Materials provided section start
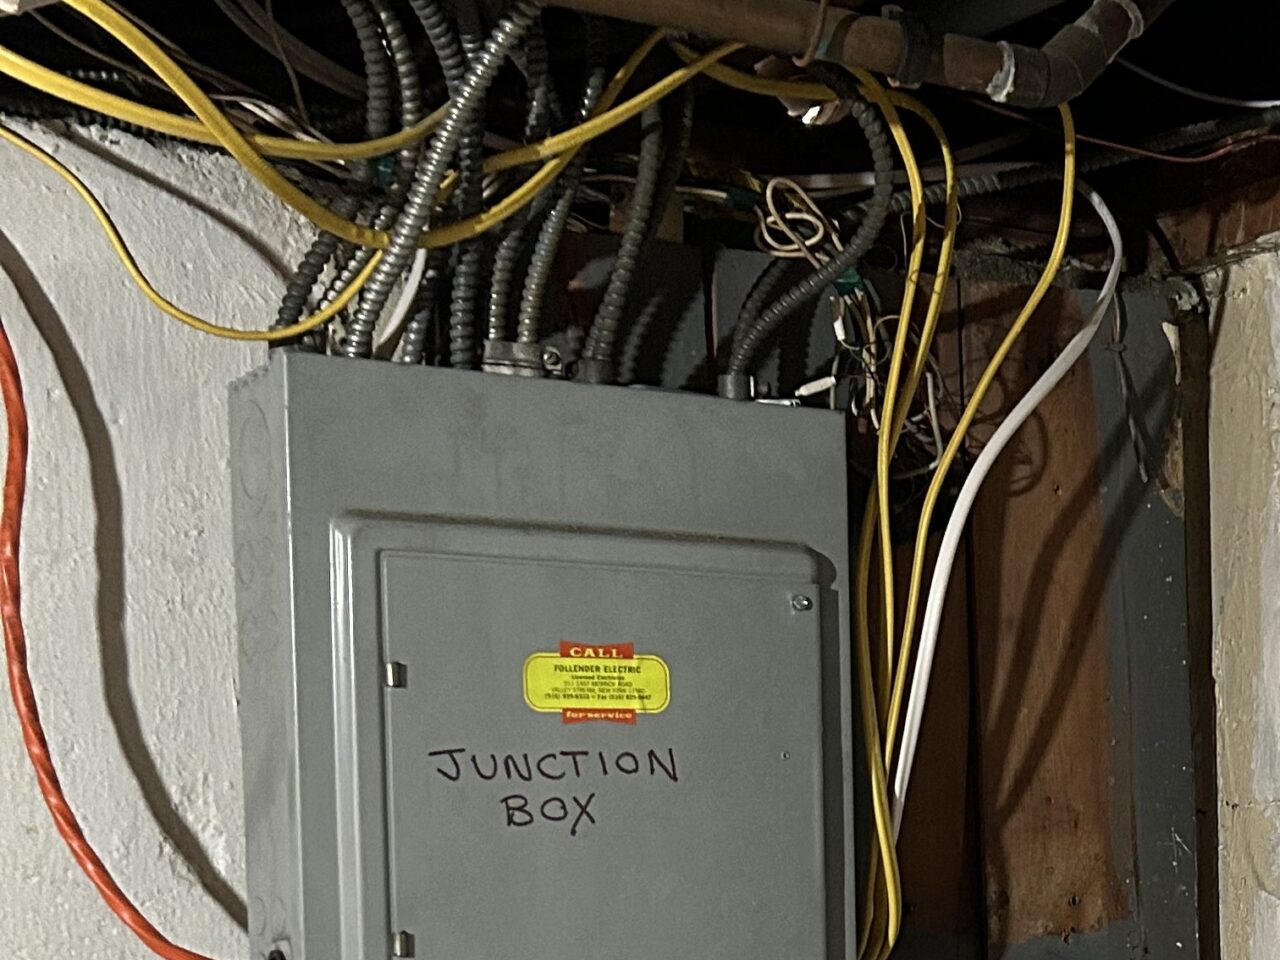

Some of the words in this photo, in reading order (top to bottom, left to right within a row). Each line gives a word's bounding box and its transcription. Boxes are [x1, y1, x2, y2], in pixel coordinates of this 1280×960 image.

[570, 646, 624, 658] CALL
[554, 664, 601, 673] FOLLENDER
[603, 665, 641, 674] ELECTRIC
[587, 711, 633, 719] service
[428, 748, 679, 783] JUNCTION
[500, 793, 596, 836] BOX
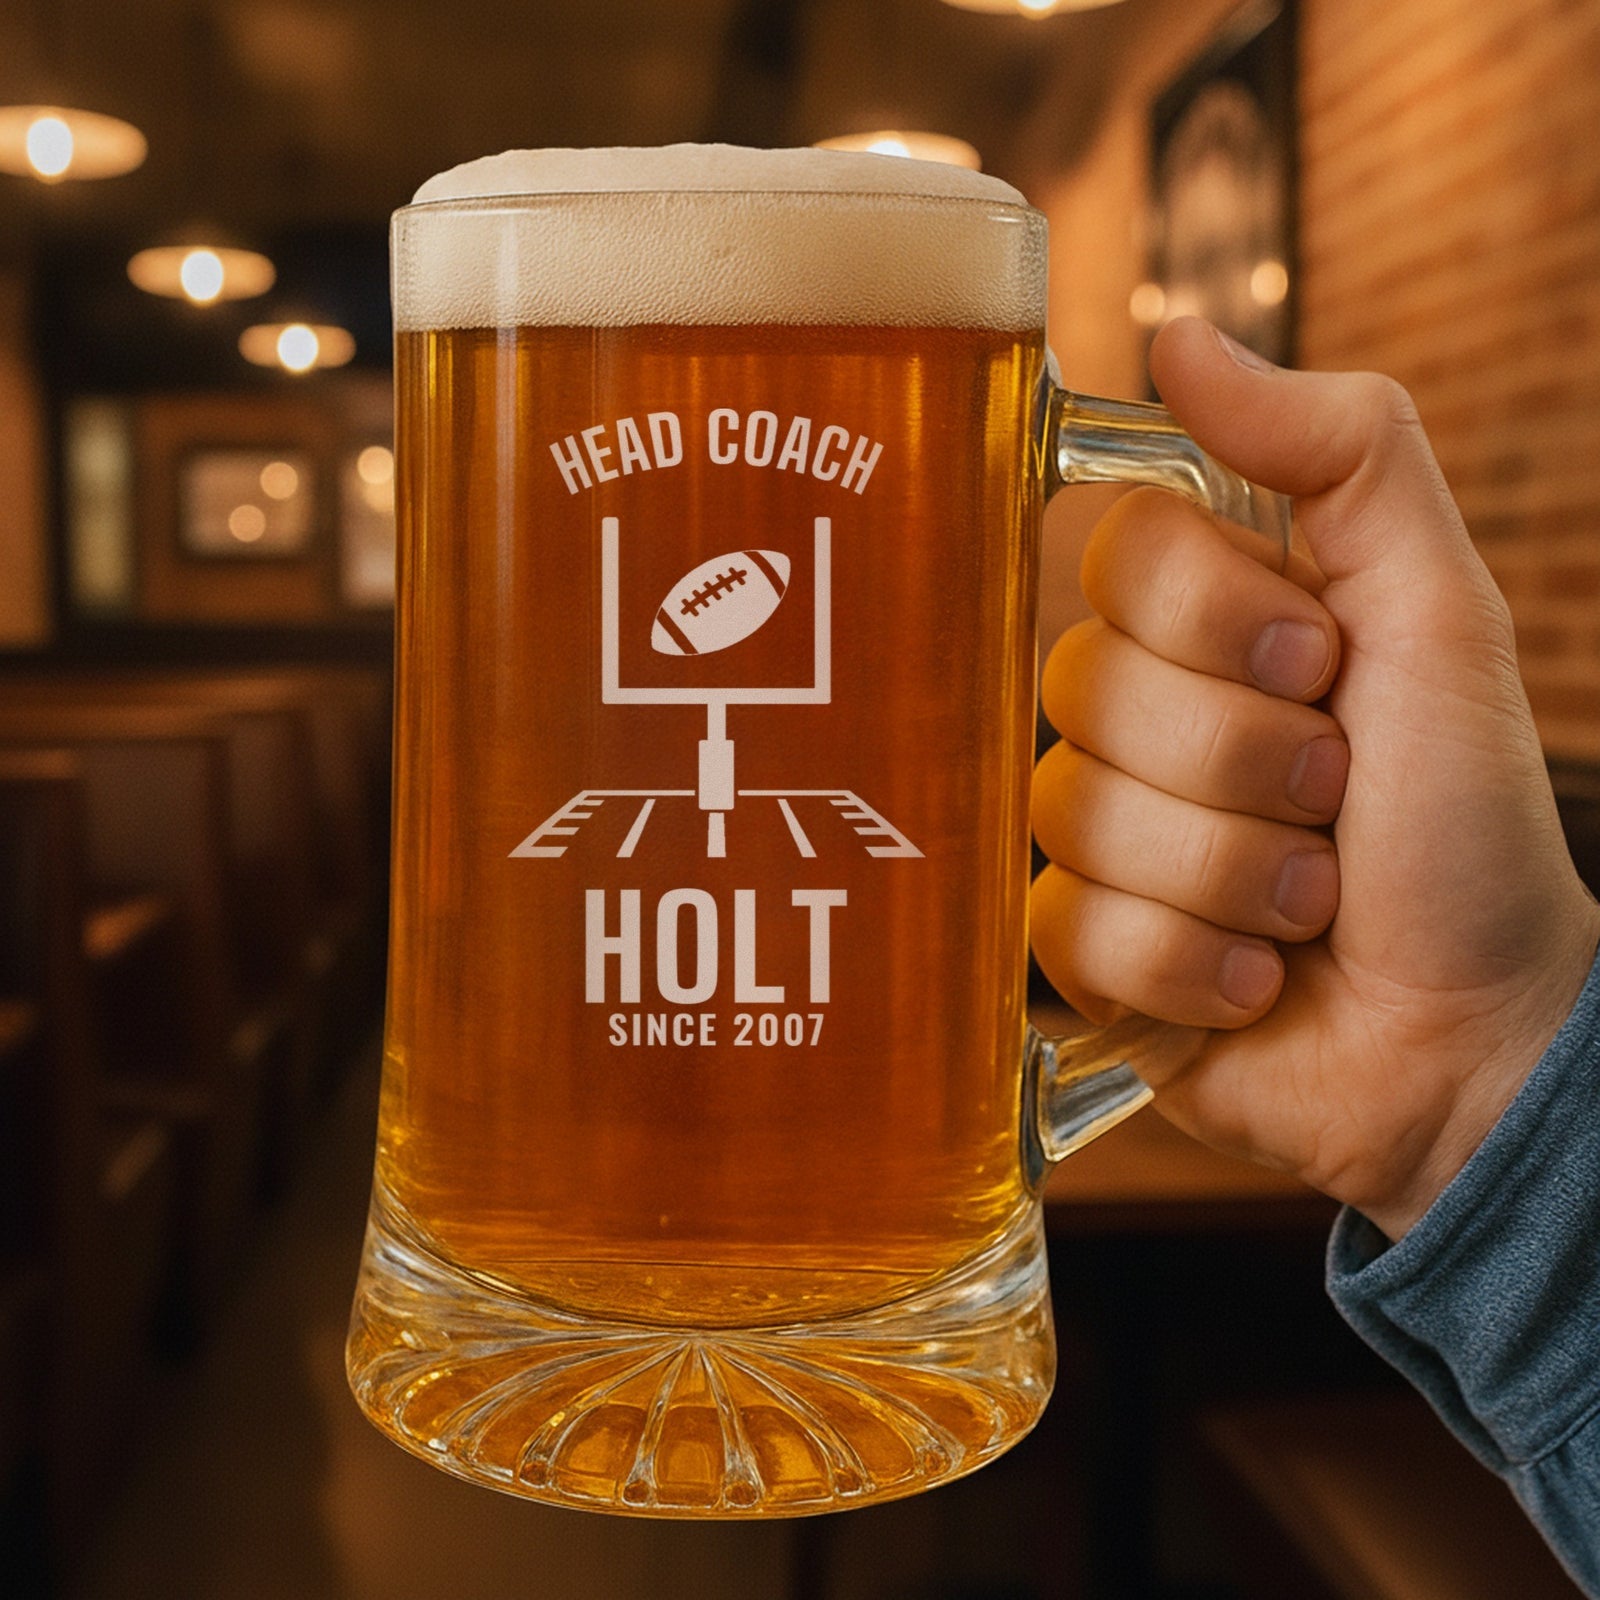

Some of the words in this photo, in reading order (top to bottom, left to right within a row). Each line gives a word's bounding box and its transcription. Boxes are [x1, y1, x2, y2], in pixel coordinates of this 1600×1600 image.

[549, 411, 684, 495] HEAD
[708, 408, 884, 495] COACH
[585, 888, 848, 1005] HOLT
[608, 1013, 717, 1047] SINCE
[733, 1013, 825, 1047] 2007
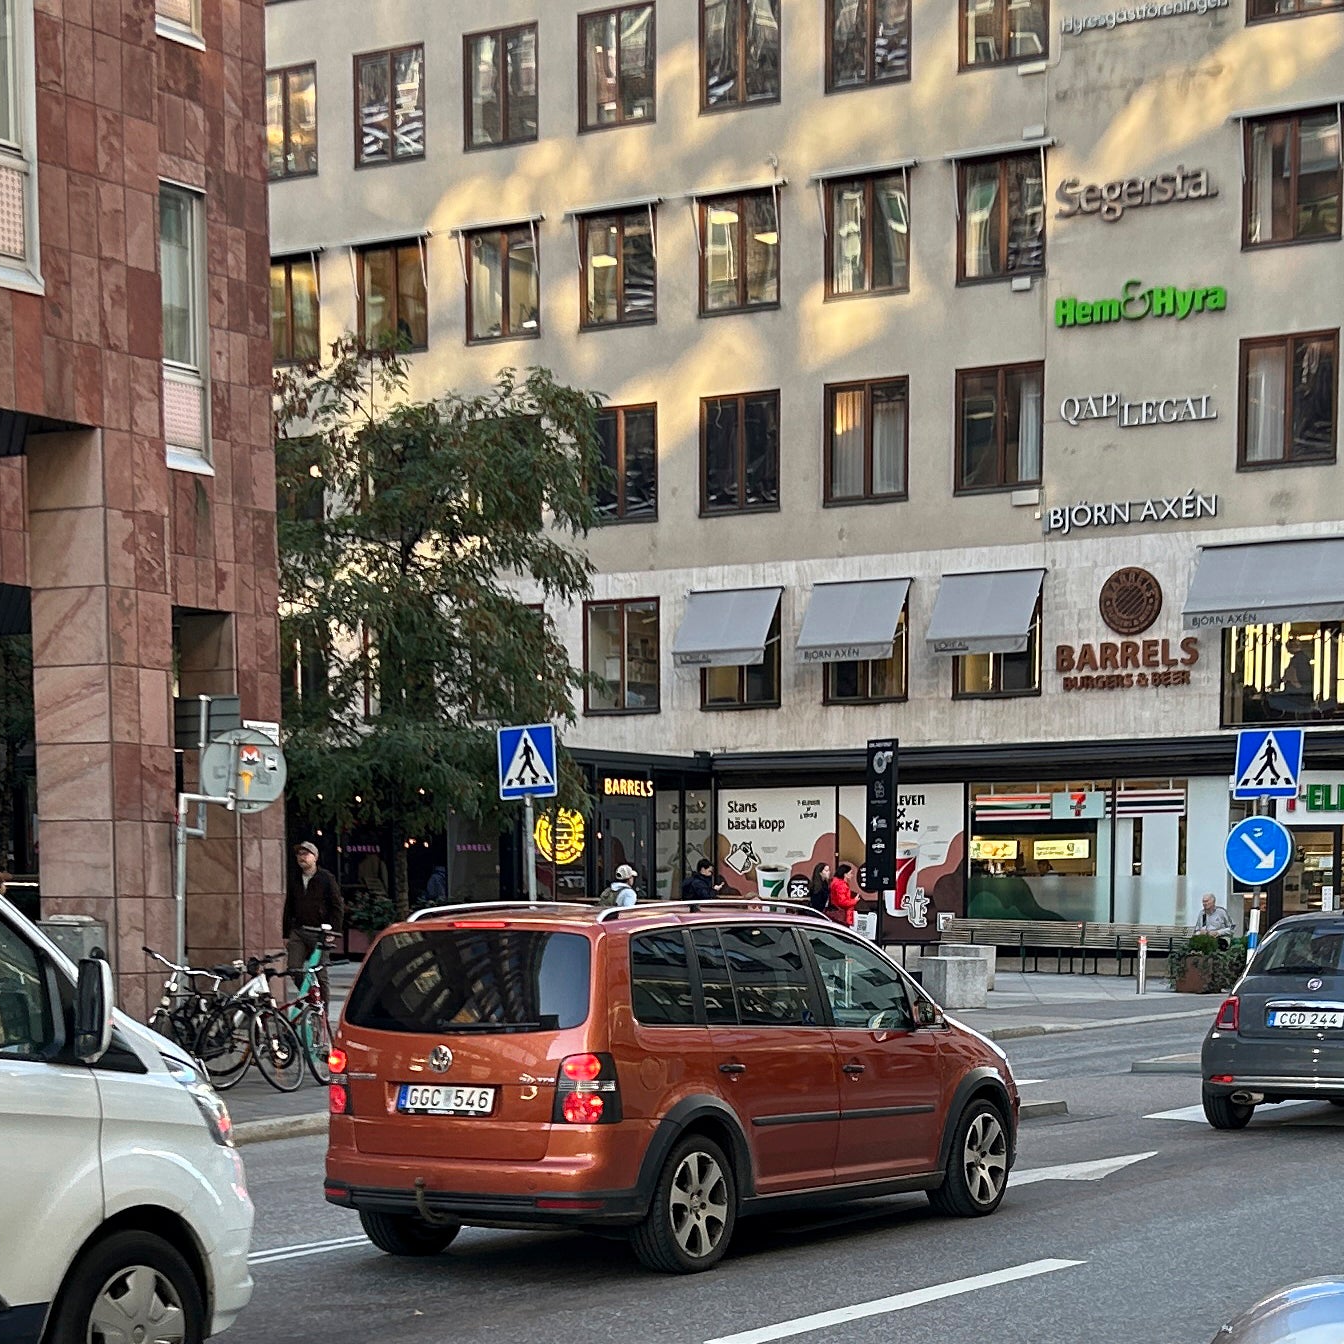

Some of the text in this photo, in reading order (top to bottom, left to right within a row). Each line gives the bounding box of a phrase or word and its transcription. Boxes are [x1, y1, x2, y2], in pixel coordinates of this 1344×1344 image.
Materials provided section end
**Exercise requirements**
I need the entries printed exactly, with each picture left out.

**Problem solution**
Some of the words in this photo, in reading order (top to bottom, left to right within a row). Each line gives a word's bounding box and its transcription. Boxes are [x1, y1, x2, y2], in pixel coordinates of this 1280×960 image.

[570, 646, 624, 658] CALL
[554, 664, 601, 673] FOLLENDER
[603, 665, 641, 674] ELECTRIC
[587, 711, 633, 719] service
[428, 748, 679, 783] JUNCTION
[500, 793, 596, 836] BOX

Some of the words in this photo, in reading order (top to bottom, left to right within a row). Each line gives a word's bounding box and its transcription. Boxes are [x1, y1, x2, y2], in pixel coordinates of this 1600×1600 image.

[549, 411, 684, 495] HEAD
[708, 408, 884, 495] COACH
[585, 888, 848, 1005] HOLT
[608, 1013, 717, 1047] SINCE
[733, 1013, 825, 1047] 2007

Some of the text in this photo, in reading order (top to bottom, left to right within a row). Each line gives the bounding box of a phrase or word and its transcription. Boxes are [x1, y1, x2, y2], in pixel coordinates of this 1344×1344 image.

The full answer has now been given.